There was very little explanation given for why Simon is leaving his post at the end of the academic year, however, Lehigh said Simon plans to return to Lehigh in 2022 as a faculty member, referring to his year off as a sabbatical year. Simon was on contract to remain president until 2025.
Throughout Simon’s tenure, many ambitious projects have begun, including the Path to Prominence initiative as well as Go: The Campaign for Lehigh, both of which centered around bettering the university for future generations and maintaining its position as a top 50 school nationwide.
Although there is nothing wrong in theory with these types of measures, in fact they are essential to maintaining the status and upkeep of university, it’s the way that Simon’s leadership went about these initiatives that ultimately detracted from the morale of the campus and left many with more questions than answers.
A defining characteristic of Simon’s tenure — which, granted, is not fully complete yet — is the university’s classic and at this point predictable communication blunders.

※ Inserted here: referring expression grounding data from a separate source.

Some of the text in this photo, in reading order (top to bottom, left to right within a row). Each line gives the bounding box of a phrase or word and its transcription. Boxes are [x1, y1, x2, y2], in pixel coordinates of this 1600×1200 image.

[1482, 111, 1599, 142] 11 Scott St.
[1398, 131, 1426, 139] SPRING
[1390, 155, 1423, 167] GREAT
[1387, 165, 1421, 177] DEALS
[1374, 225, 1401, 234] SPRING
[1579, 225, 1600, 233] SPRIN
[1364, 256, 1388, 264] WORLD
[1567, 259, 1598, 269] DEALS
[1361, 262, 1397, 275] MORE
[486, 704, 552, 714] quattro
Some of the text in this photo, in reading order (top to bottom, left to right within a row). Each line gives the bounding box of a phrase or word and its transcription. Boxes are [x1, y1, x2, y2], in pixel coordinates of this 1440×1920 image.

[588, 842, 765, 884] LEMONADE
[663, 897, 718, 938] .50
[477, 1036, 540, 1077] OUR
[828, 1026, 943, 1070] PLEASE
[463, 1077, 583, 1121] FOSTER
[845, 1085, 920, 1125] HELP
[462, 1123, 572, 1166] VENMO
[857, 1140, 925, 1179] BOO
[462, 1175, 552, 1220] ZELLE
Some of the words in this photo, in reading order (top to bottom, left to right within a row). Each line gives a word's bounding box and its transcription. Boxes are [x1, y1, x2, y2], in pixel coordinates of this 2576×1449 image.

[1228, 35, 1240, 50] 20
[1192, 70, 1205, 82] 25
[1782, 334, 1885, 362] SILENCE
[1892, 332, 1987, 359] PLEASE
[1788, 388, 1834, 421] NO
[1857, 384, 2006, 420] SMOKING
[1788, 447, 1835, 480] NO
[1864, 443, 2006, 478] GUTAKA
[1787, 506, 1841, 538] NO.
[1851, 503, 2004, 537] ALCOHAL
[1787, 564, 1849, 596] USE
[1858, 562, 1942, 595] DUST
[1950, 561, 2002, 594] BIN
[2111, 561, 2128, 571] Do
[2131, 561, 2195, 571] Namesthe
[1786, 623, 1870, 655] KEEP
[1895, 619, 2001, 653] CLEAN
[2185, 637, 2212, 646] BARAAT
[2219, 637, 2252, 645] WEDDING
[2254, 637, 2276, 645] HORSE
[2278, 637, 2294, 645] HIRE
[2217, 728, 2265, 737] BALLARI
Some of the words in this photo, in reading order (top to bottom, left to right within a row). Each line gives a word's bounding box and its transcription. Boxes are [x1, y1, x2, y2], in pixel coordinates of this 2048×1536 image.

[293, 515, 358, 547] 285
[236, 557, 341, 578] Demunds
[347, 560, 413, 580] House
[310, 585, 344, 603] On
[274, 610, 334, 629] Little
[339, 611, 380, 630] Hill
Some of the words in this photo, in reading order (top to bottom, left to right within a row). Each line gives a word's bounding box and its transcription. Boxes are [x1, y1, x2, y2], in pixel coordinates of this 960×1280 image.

There are both specific, granular examples and wholesale, broad instances. Has the university actually made a case to the campus community as to why we need 1,000 more undergraduate students? Has the university explained why growth in student body size and buildings on campus necessitates taking away key programs like the President’s Scholars Program and the sustainable development minor program? Is it really growth if we can’t maintain what we already were offering?
And what good is a $1 billion campaign if various offices and departments across campus are feeling more pinched than ever while the strain on their services is increasing, as several Lehigh staff members shared with The Brown and White in a report published last year?
Leadership starts at the top. That’s the bottom line. The buck stops with Simon.
The current and recent cohorts of Lehigh students have had their undergraduate experiences greatly impacted by these initiatives’ focus on the future of the university and disregard for those who are actually on campus throughout this time.
Additionally, Lehigh students and faculty have had to deal with an insurmountable amount of change throughout the last six months. As students have returned to Bethlehem and began the new academic year they have been trying to make the best out of their uncertain situations. Simon’s resignation only adds more confusion to an already unfamiliar slew of cards the Lehigh community has been dealt.
But what is also important to note is that there does not seem to be much discontent about the announcement. If anything, student opinion appears to be apathetic at best. This goes to show that when a student body is disregarded by its leadership, eventually the feeling becomes mutual.
At the same time, we in the Lehigh community do have an opportunity — an opportunity to look forward to what the future of Lehigh could look like under different leadership.
Any new Lehigh president must start with completely revamping the administration’s entire approach to communication. The pendulum must swing from secrecy and darkness to light. A new president must advocate for the entire campus community, not the wealthy and privileged few who leave their Wall Street jobs to come to campus four times a year for unannounced board of trustees meetings.
These meetings should be open, at least in part, and allow for some form of a public comment or feedback section. This really isn’t too much to ask.
Any new Lehigh president must put people first, not buildings.
We say that because while the university has engaged in immense development these past few years — the renovations at Mountaintop, Chandler-Ullmann and the University Center, a new cafe at the Fairchild Martindale Library and the emergence of a new residence hall and the College of Health — the question must be asked: are we happier?
Is Lehigh better?
Are staffs better equipped to meet increased student needs?
Why are we doing things?
We welcome any new president who wants to lead this great university forward. Whomever he or she will be will quickly become immersed in the impressive intellect, passion and hardworking nature of Lehigh community members.
We just hope it’s someone who looks out for all of us and takes the hard but necessary time to communicate in an open and honest way.